Между эмансипацией и «консервативной революцией». Женщины в театральных проектах Гуго фон Гофмансталя
Шрифт:
Со своей стороны, восстанавливая историю столь личностного, экстатического перформанса – каким была Электра Айзольдт, – каким-то образом совпавшего с установлением парадигмы режиссерского театра и, по всей видимости, отнюдь не противоречащего ей, а работающего на его победу, я хочу сделать именно это: понять, почему история этого спектакля и участия в его создании Гертруды Айзольдт (я бы сказала – ее соавторства) были настолько маргинализированы в истории театра? 34 Я осознаю, однако, всю неловкость вопроса, который пришлось бы тогда поставить: что, если «прохождение через фазу женского эксцесса» было не случайностью, обусловленной стечением обстоятельств, а конституирующим фактором для становления рейнхардтовского театра (на службу которому поставил себя в данном случае Гофмансталь, ставший с этого момента одним из важнейших сотрудников Рейнхардта)? То, что это произошло как раз на проекте, переосмысляющем античную трагедию, неожиданно диктует странную и интригующую параллель.
34
К сожалению, мне кажется, такой маргинализации не преодолевают и те упоминания об «Электре» в книгах Фишер-Лихте, на которые я ссылалась. Исследовательница не выстраивает тут театрально-исторического нарратива о театре начала XX века, не контекстуализирует приводимых ею цитат из критики того времени – в итоге они служат одному: задаче представить Гертруду Айзольдт кем-то вроде предшественницы Марины Абрамович (что видится мне а-историчным и, конечно, никак не отвечает на вопрос, как такое явление могло появиться в недрах рождающегося режиссерского театра и как оно с ним соотносится).

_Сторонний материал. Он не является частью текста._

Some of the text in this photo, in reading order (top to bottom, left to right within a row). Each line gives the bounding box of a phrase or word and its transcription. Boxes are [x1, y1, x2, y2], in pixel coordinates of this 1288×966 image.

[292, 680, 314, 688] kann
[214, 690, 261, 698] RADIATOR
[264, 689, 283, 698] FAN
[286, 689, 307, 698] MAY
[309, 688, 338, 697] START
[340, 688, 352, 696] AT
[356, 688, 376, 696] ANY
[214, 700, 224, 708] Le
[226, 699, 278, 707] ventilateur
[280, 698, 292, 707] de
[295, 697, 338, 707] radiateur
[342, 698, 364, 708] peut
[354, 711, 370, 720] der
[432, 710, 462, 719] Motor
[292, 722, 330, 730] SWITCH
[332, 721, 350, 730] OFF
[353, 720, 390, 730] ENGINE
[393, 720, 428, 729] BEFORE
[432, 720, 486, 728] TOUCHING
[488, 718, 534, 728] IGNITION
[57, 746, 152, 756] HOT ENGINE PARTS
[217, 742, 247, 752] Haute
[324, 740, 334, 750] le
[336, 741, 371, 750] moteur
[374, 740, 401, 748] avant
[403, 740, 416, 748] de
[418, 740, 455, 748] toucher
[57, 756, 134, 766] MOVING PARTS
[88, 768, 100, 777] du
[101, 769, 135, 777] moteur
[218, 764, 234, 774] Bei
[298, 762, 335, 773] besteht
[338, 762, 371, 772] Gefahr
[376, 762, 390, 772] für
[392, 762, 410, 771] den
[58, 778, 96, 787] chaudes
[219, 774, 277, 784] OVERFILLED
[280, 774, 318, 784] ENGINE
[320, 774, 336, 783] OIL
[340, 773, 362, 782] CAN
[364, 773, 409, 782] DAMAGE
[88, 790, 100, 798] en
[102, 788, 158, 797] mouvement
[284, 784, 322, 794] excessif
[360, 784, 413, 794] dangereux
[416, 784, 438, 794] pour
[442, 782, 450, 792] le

Подавляемое и замалчиваемое участие в рождении режиссерского театра?
Исследовательницы-феминистки утверждают, что сам общественный институт театра возник в процессе запрета на женский поминальный плач на улицах греческого полиса, в котором женщины, лишенные, как известно, в нем гражданских прав, могли себя выразить. Запретив этот плач, заклеймив его как настолько не приличествующий гражданину эксцесс, что ему и внимать вредно, государство, однако, встроило его в сам театр. Этот эксцесс был, таким образом, апроприирован – ради того, чтобы, уже не подпадая под его влияние на улицах, гражданин греческого полиса имел раз в год возможность в контролируемом виде и в контролируемом месте пережить нечто подобное: поскольку внутри него, этого гражданина, тоже ведь было что-то женское, от чего ему надо было очиститься и что ему изжить. Гейл Холст-Вархафт пишет об этом, в частности, так: «Трагедия <…> по крайней мере отчасти представляет собой апроприацию традиционного искусства женщин, и мы чувствуем в ее языке, в ее загадочных музыкальных и танцевальных отголосках более древний корпус ритуала – некую субкультуру, которая питает это городское, мужское искусство и иногда вторгается в него непрошеным гостем» (Holst-Warhaft 1995: 11). Театр не просто перенял некоторые элементы женского погребального плача. В то время как эксцесс, демонстрируемый женщинами в процессе такой перформативной деятельности, культурой патриархата порицался, в театре он встает этой культуре на службу. «…Театр использует женское для того, чтобы создать представление о более полном мужском „я“, а „играя иного“, это „я“ открывается тем эмоциям страха и жалости, которые часто пребывают в сфере запретного», – пишет Фрома Зейтлин (Zeitlin 1996: 363). В конце концов, однако, «трагедия приходит к завершению, которое в целом заново подтверждает мужские, часто патерналистские (или гражданские) авторитарные структуры» (Ibid.: 364).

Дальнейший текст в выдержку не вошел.